What to work on: Could all of the entries be written out exactly, with any pictures omitted?

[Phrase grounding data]
↓

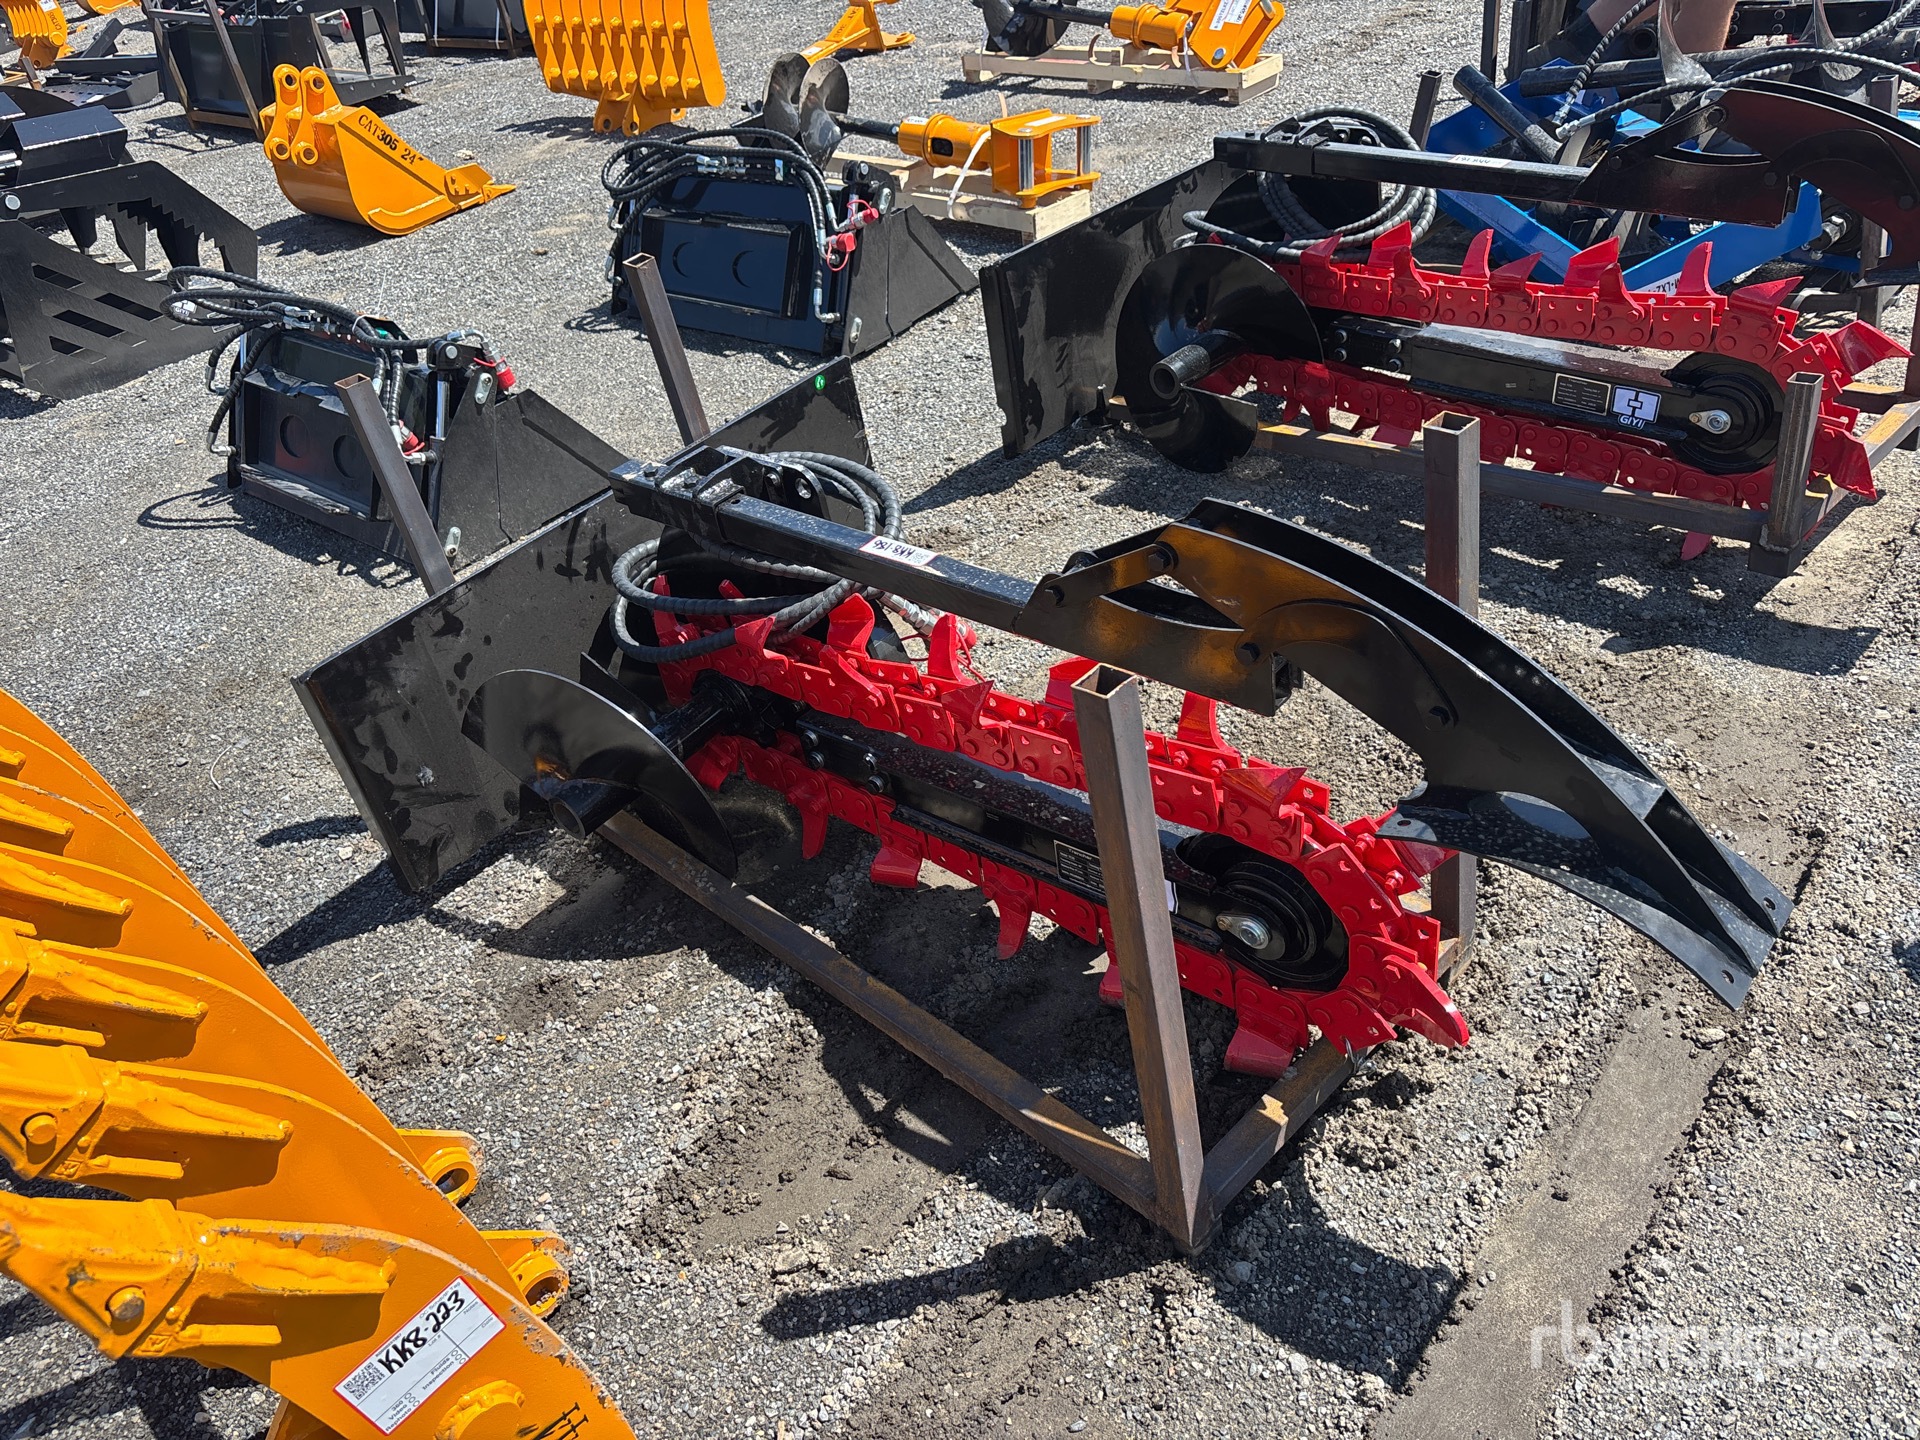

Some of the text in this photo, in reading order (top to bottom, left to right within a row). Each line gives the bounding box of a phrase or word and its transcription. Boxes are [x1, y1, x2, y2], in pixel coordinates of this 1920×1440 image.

[358, 114, 399, 151] CAT305
[1619, 415, 1645, 428] GIYI
[463, 1300, 479, 1315] Notes
[481, 1316, 494, 1329] Date
[377, 1289, 466, 1375] KK8-223
[422, 1361, 455, 1390] Inspection
[430, 1357, 451, 1376] Fluids
[388, 1403, 408, 1421] Video
[391, 1400, 404, 1412] 360
[385, 1407, 412, 1432] Rephoto
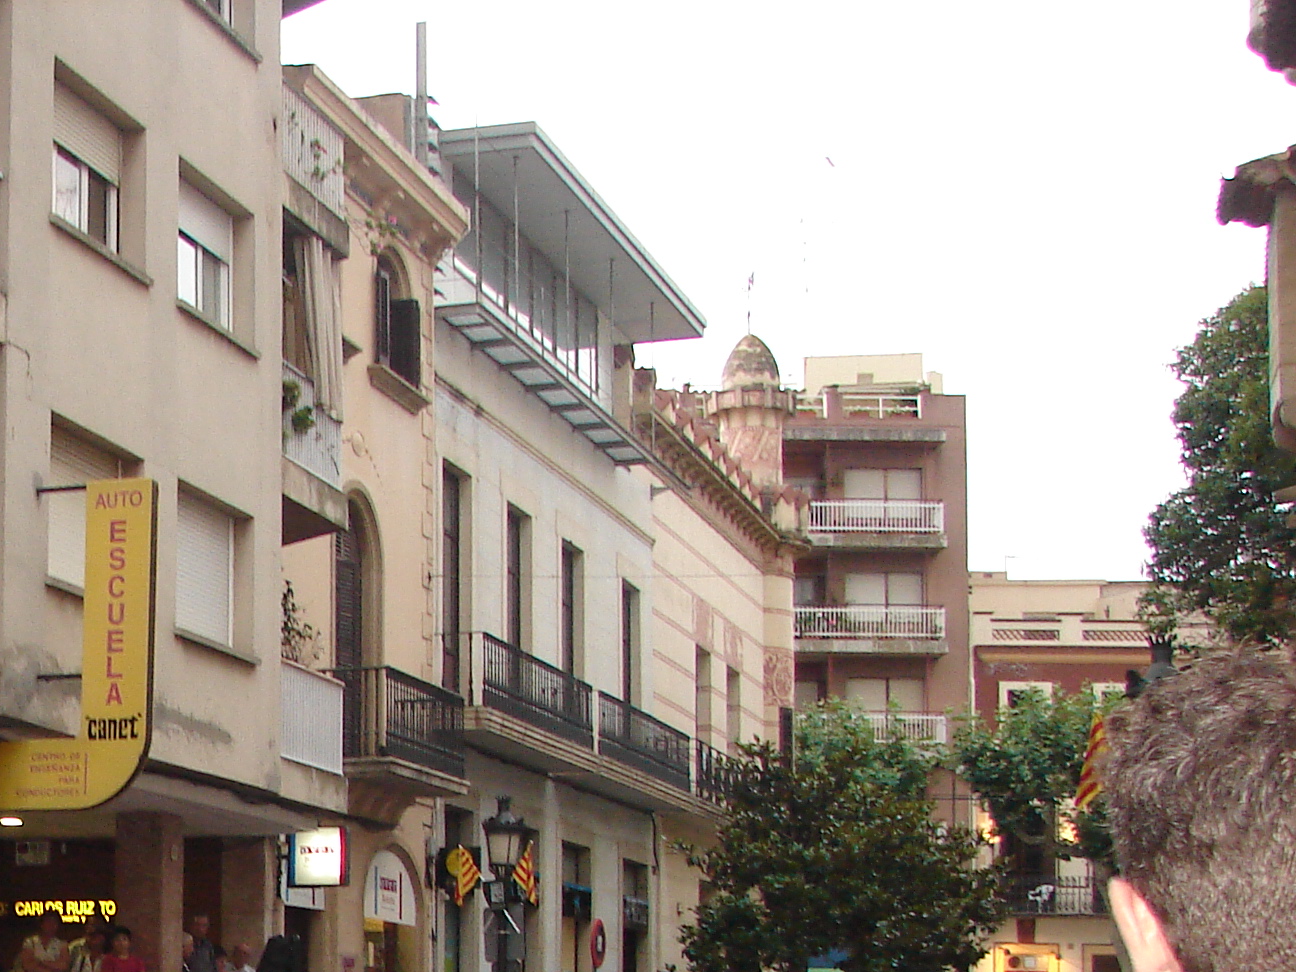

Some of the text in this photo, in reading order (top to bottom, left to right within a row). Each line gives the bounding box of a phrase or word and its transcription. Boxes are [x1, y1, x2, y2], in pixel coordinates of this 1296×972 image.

[95, 490, 143, 510] AUTO
[105, 520, 127, 706] ESCUELA
[65, 900, 96, 916] RUIZ
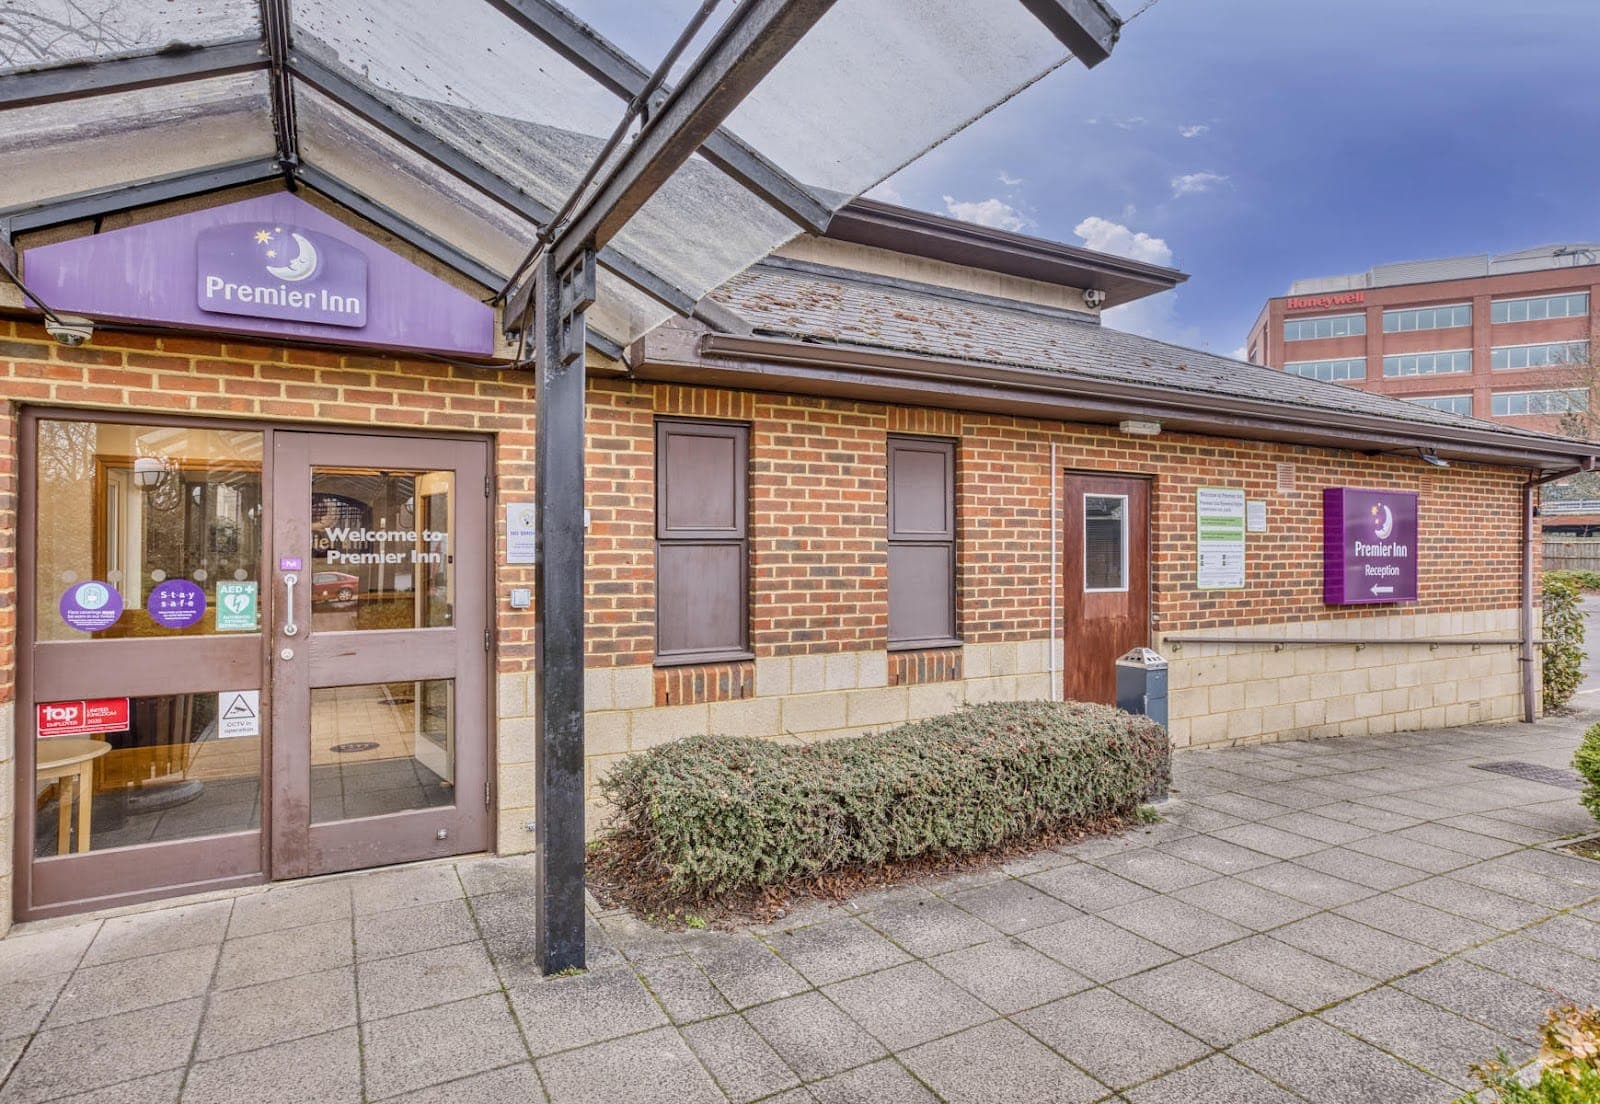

↑

Answer to this exercise:
Some of the text in this photo, in reading order (top to bottom, left to right within a row). Each line gives the bounding box of a phrase or word and its transcription. Boxes are [x1, y1, x2, y2], in pixel coordinates of this 1920×1440 image.

[358, 114, 399, 151] CAT305
[1619, 415, 1645, 428] GIYI
[463, 1300, 479, 1315] Notes
[481, 1316, 494, 1329] Date
[377, 1289, 466, 1375] KK8-223
[422, 1361, 455, 1390] Inspection
[430, 1357, 451, 1376] Fluids
[388, 1403, 408, 1421] Video
[391, 1400, 404, 1412] 360
[385, 1407, 412, 1432] Rephoto

Some of the text in this photo, in reading order (top to bottom, left to right within a row). Each line gives the bounding box of a phrase or word and its transcription. Boxes are [x1, y1, x2, y2], in pixel coordinates of this 1296×972 image.

[95, 490, 143, 510] AUTO
[105, 520, 127, 706] ESCUELA
[65, 900, 96, 916] RUIZ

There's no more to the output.